Task directions: Word for word, reproduce the records, keeping none of the pictures.

··· Given entries ···

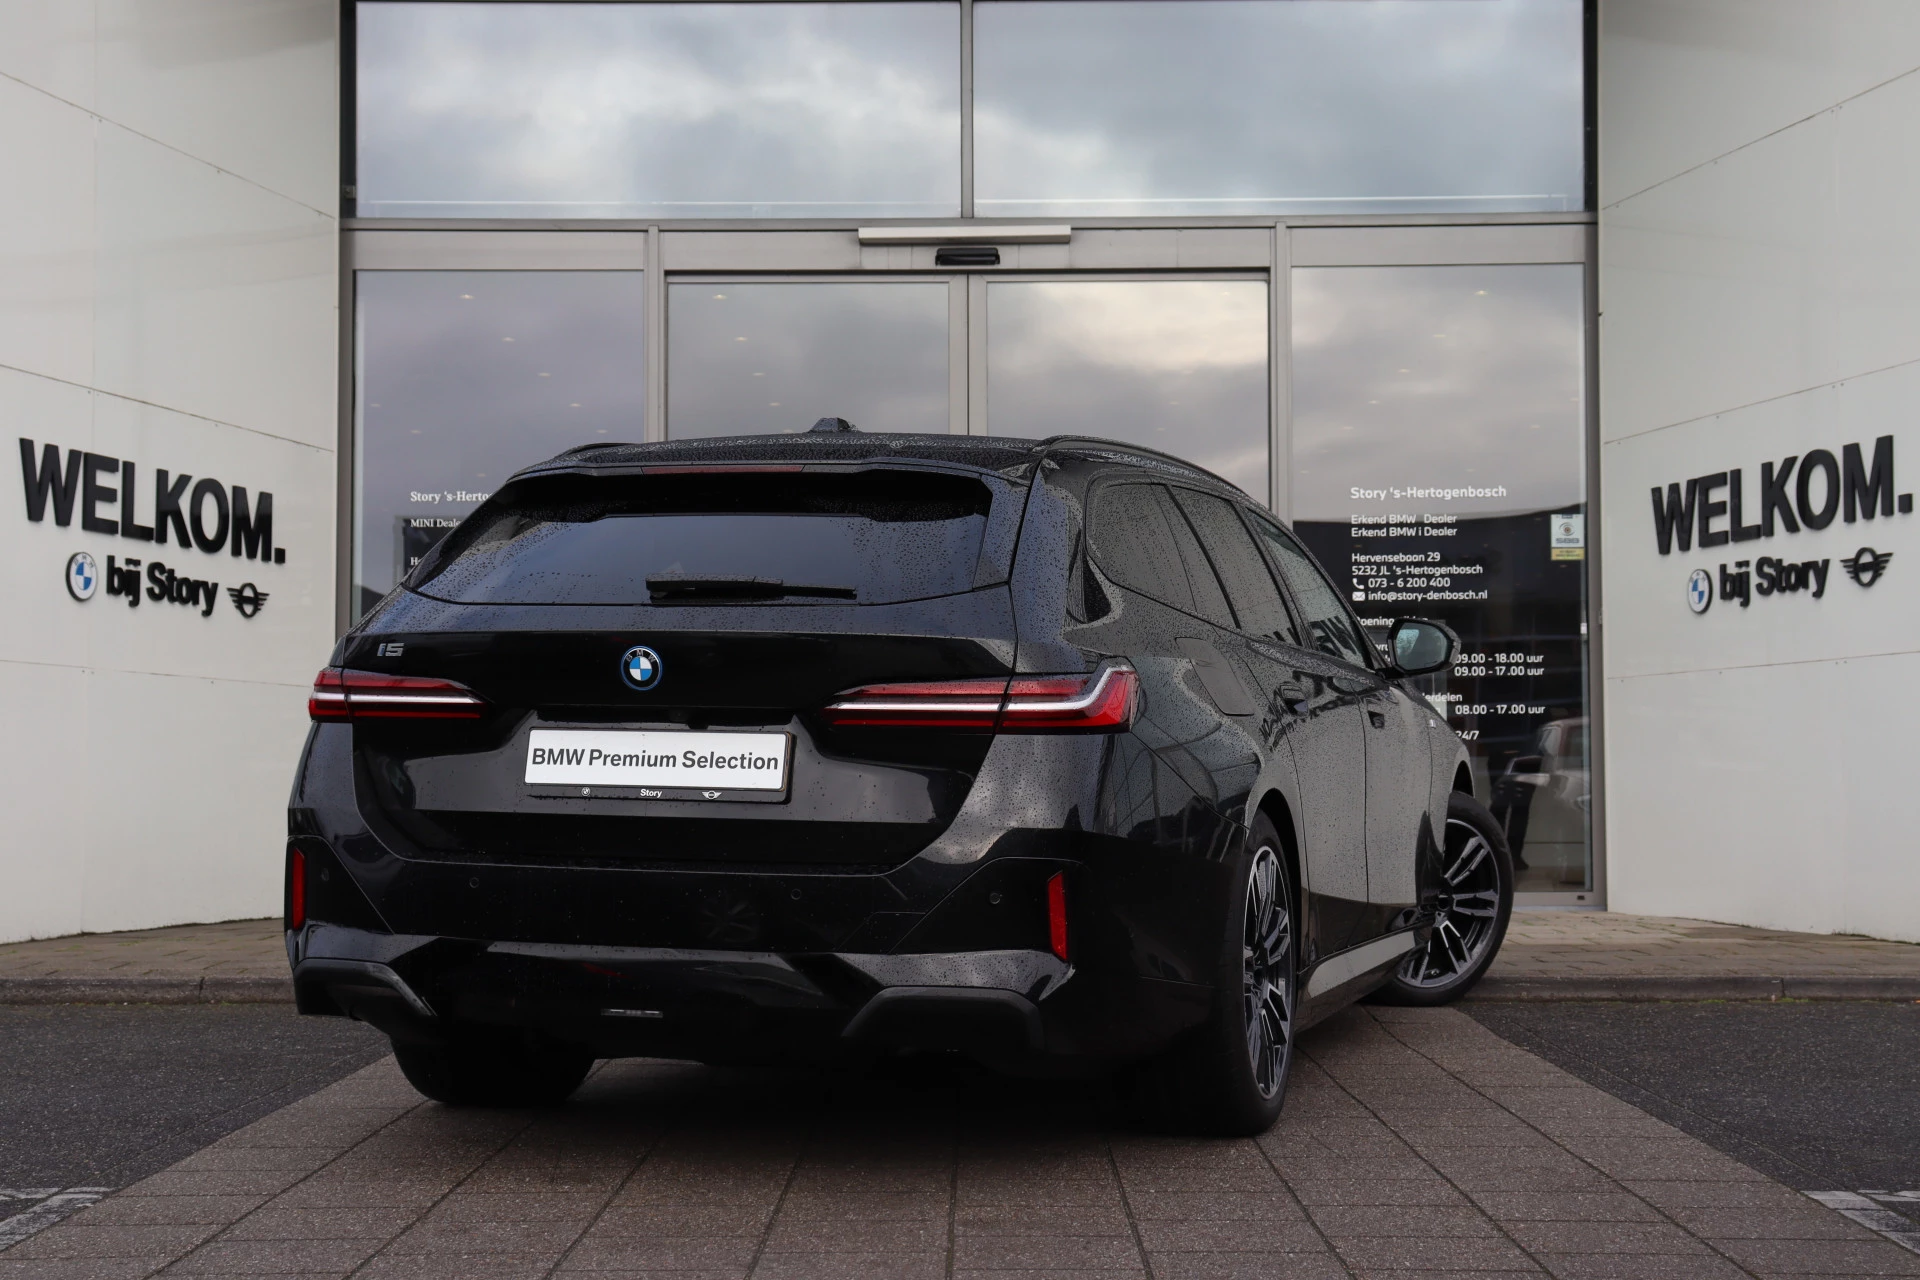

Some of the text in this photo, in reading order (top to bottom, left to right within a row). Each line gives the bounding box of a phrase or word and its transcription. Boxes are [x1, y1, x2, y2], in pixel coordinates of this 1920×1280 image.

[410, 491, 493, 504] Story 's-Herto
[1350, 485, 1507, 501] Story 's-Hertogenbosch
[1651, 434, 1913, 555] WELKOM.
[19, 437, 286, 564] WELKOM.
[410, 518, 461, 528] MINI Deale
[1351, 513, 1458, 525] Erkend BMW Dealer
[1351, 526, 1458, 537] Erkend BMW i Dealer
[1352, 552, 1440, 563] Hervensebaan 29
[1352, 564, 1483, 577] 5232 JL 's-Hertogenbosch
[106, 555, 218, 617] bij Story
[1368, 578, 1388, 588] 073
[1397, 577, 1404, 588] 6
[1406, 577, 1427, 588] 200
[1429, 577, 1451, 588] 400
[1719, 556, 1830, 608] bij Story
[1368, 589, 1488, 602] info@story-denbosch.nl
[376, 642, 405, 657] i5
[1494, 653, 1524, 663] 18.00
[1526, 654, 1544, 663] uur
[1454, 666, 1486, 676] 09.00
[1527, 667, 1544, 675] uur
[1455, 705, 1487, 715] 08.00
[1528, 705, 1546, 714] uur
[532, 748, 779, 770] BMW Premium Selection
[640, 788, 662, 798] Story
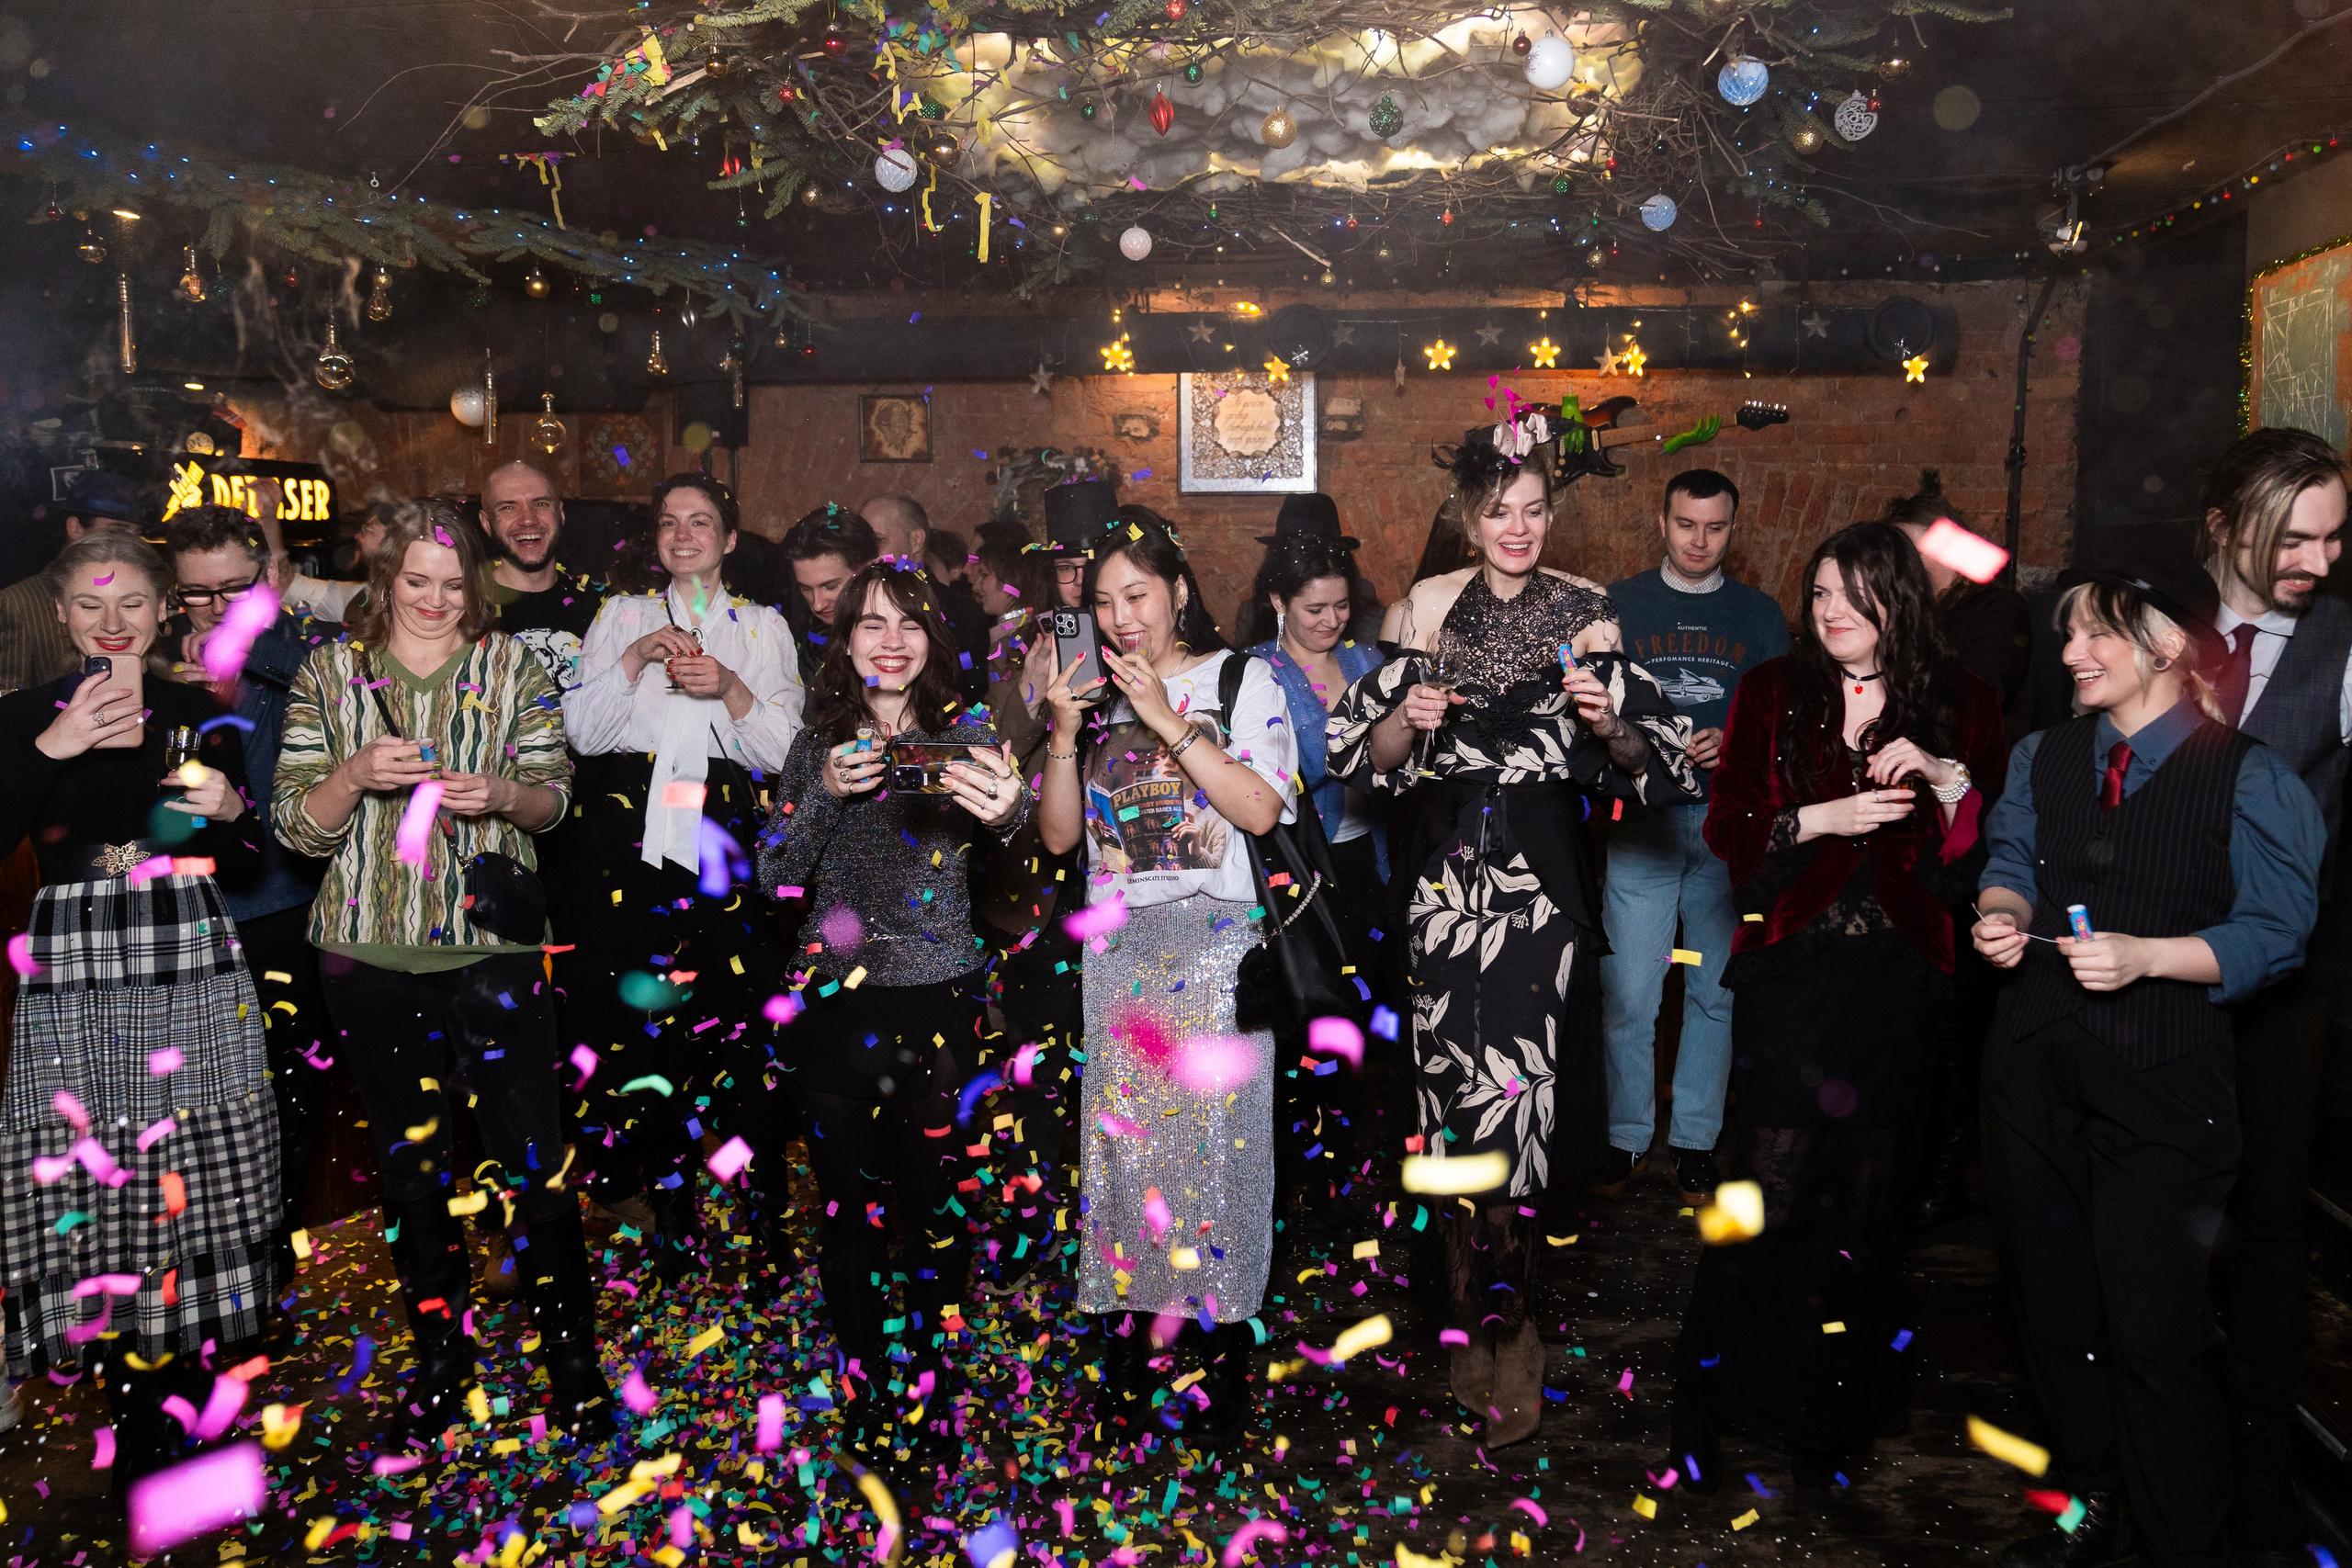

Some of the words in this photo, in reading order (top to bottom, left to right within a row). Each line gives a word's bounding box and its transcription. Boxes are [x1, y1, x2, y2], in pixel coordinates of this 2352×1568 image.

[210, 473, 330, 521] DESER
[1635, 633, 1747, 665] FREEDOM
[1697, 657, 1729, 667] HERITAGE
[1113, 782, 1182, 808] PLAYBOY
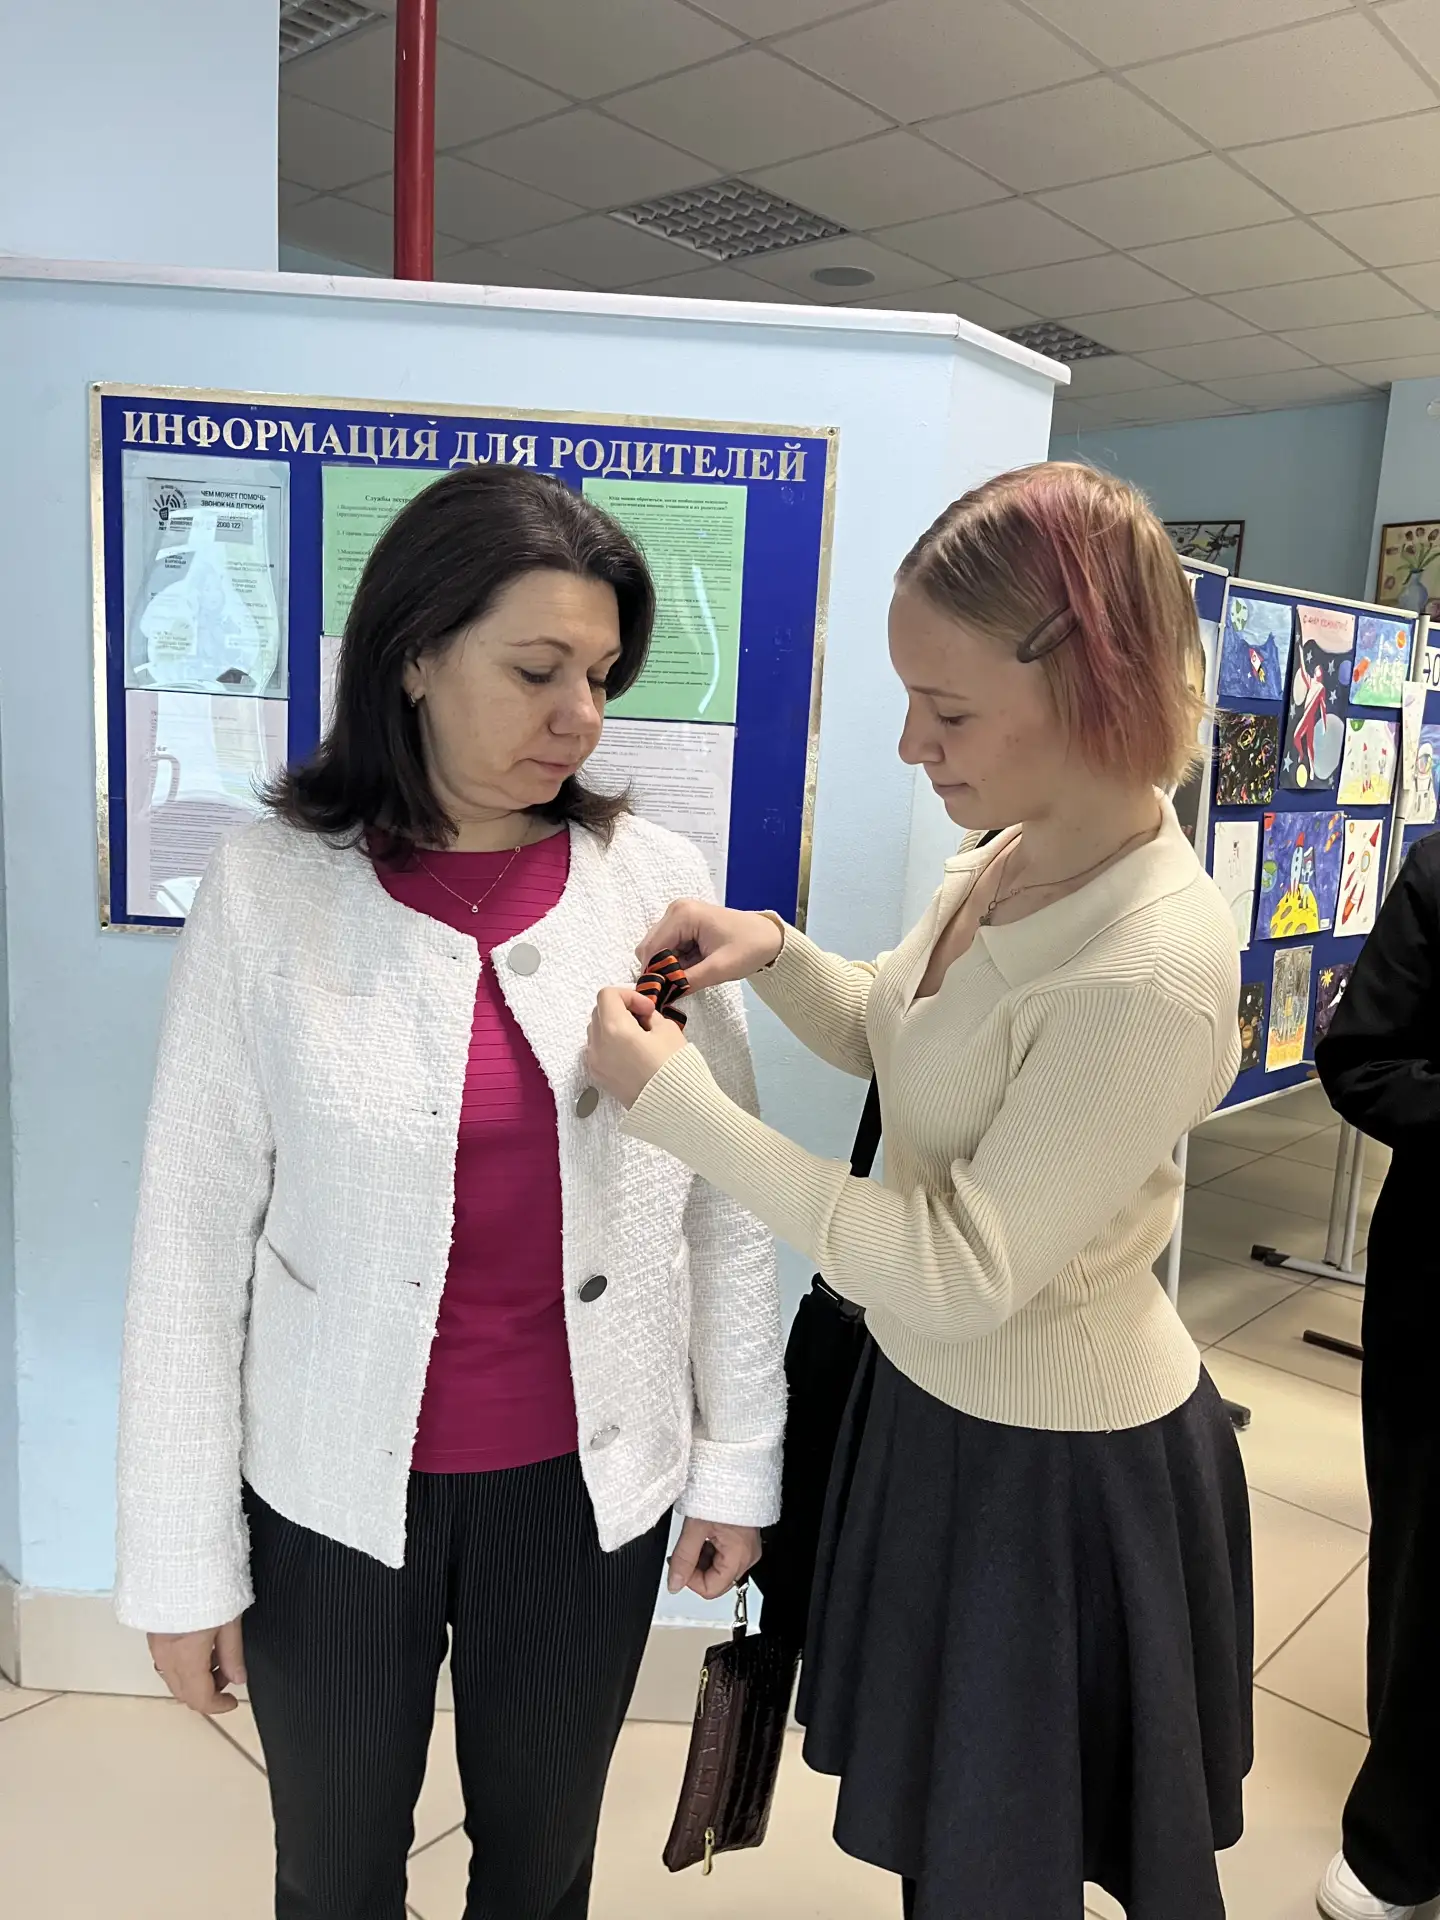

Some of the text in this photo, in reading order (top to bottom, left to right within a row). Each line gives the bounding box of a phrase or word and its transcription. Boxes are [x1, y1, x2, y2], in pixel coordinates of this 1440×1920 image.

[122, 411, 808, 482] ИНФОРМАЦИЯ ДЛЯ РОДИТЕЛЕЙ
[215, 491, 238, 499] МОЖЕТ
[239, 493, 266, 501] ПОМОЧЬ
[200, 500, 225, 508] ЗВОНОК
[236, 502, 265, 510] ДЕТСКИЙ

···

Output of the task:
Some of the text in this photo, in reading order (top to bottom, left to right within a row). Each line gives the bounding box of a phrase or word and its transcription. Boxes are [x1, y1, x2, y2], in pixel coordinates of this 1920×1280 image.

[410, 491, 493, 504] Story 's-Herto
[1350, 485, 1507, 501] Story 's-Hertogenbosch
[1651, 434, 1913, 555] WELKOM.
[19, 437, 286, 564] WELKOM.
[410, 518, 461, 528] MINI Deale
[1351, 513, 1458, 525] Erkend BMW Dealer
[1351, 526, 1458, 537] Erkend BMW i Dealer
[1352, 552, 1440, 563] Hervensebaan 29
[1352, 564, 1483, 577] 5232 JL 's-Hertogenbosch
[106, 555, 218, 617] bij Story
[1368, 578, 1388, 588] 073
[1397, 577, 1404, 588] 6
[1406, 577, 1427, 588] 200
[1429, 577, 1451, 588] 400
[1719, 556, 1830, 608] bij Story
[1368, 589, 1488, 602] info@story-denbosch.nl
[376, 642, 405, 657] i5
[1494, 653, 1524, 663] 18.00
[1526, 654, 1544, 663] uur
[1454, 666, 1486, 676] 09.00
[1527, 667, 1544, 675] uur
[1455, 705, 1487, 715] 08.00
[1528, 705, 1546, 714] uur
[532, 748, 779, 770] BMW Premium Selection
[640, 788, 662, 798] Story

Some of the words in this photo, in reading order (top to bottom, left to right within a row). Each line gives a word's bounding box and its transcription. Boxes are [x1, y1, x2, y2], in pixel coordinates of this 2352×1568 image.

[210, 473, 330, 521] DESER
[1635, 633, 1747, 665] FREEDOM
[1697, 657, 1729, 667] HERITAGE
[1113, 782, 1182, 808] PLAYBOY

Some of the text in this photo, in reading order (top to bottom, left to right within a row). Each line gives the bounding box of a phrase or word and its transcription. Boxes are [x1, y1, x2, y2], in pixel coordinates of this 1440×1920 image.

[122, 411, 808, 482] ИНФОРМАЦИЯ ДЛЯ РОДИТЕЛЕЙ
[215, 491, 238, 499] МОЖЕТ
[239, 493, 266, 501] ПОМОЧЬ
[200, 500, 225, 508] ЗВОНОК
[236, 502, 265, 510] ДЕТСКИЙ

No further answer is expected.